American actress (born 2000)

Ruby Jean Cruz (born March 31, 2000) is an American actress. She has acted in various short films and television series including Mare of Easttown and Castle Rock, and most notably as Kit Tanthalos in Willow.

In 2023, she made her feature length movie debut as Hazel Callahan in Bottoms, directed by Emma Seligman.

==Career==
Ruby Cruz was born to actor and musician Brandon Cruz and Liz Cruz, an entrepreneur. Cruz grew up in Los Angeles, California, and began auditioning for film and television roles in high school. She studied theater at DePaul University before dropping out to pursue her acting career.

In 2018, Cruz played the younger version of Lizzy Caplan's character, Annie Wilkes, in Castle Rock. Cruz received praise from TVLine for the way she captured Caplan's physicality. In 2020, Cruz appeared in season 10 of Blue Bloods.

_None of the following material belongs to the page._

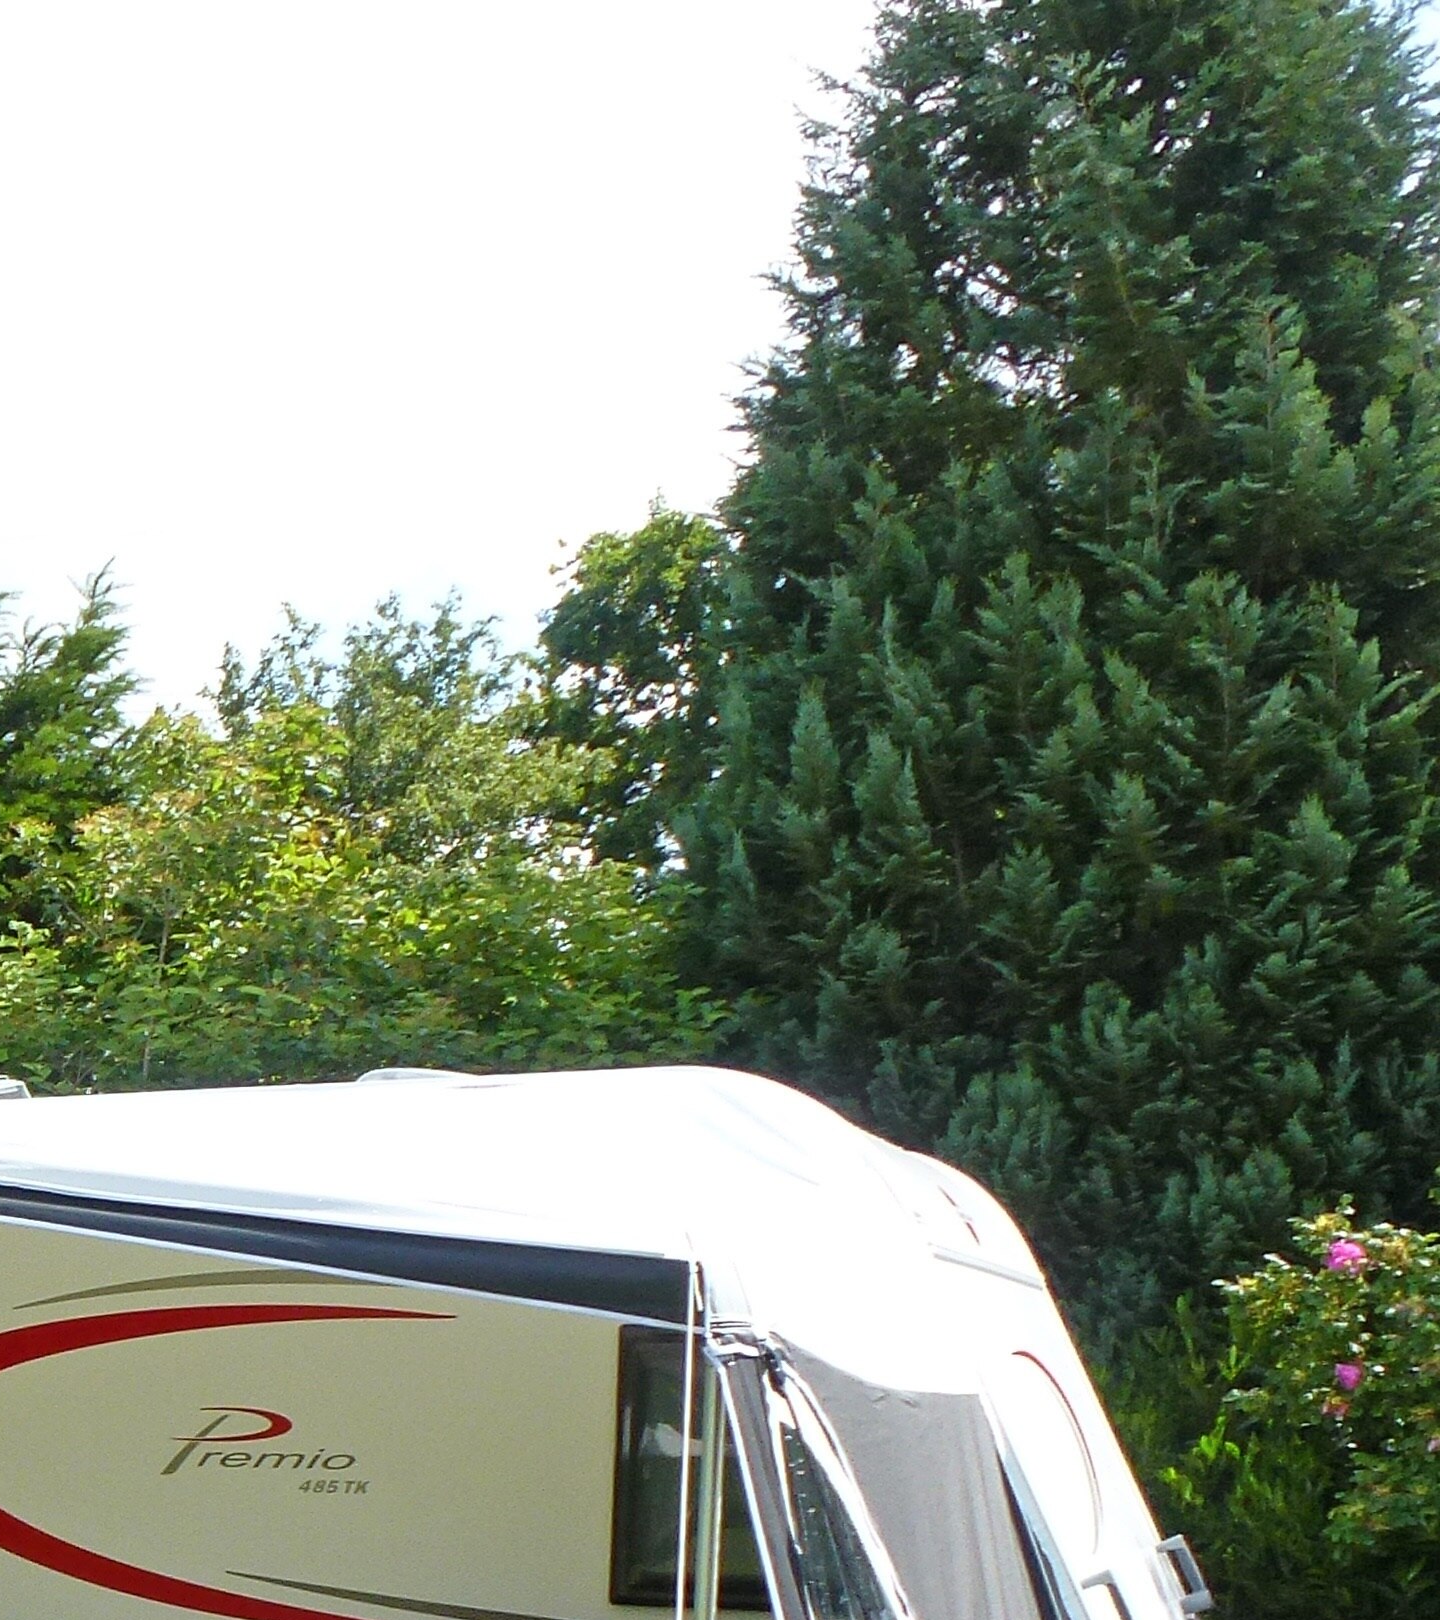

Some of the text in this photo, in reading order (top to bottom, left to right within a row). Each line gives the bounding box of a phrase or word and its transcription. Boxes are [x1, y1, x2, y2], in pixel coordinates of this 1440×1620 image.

[160, 1406, 357, 1475] Premio
[298, 1479, 370, 1494] 485 TK

In 2021, Cruz appeared as Jess Riley in the HBO drama series Mare of Easttown. Later that year, Cruz was cast as Kit Tanthalos, the first openly lesbian Disney princess, in the television series Willow. She took over the role from friend and Mare of Easttown costar Cailee Spaeny, who dropped out due to scheduling conflicts. The show, which premiered in November 2022, acts as a sequel to the 1988 film of the same title.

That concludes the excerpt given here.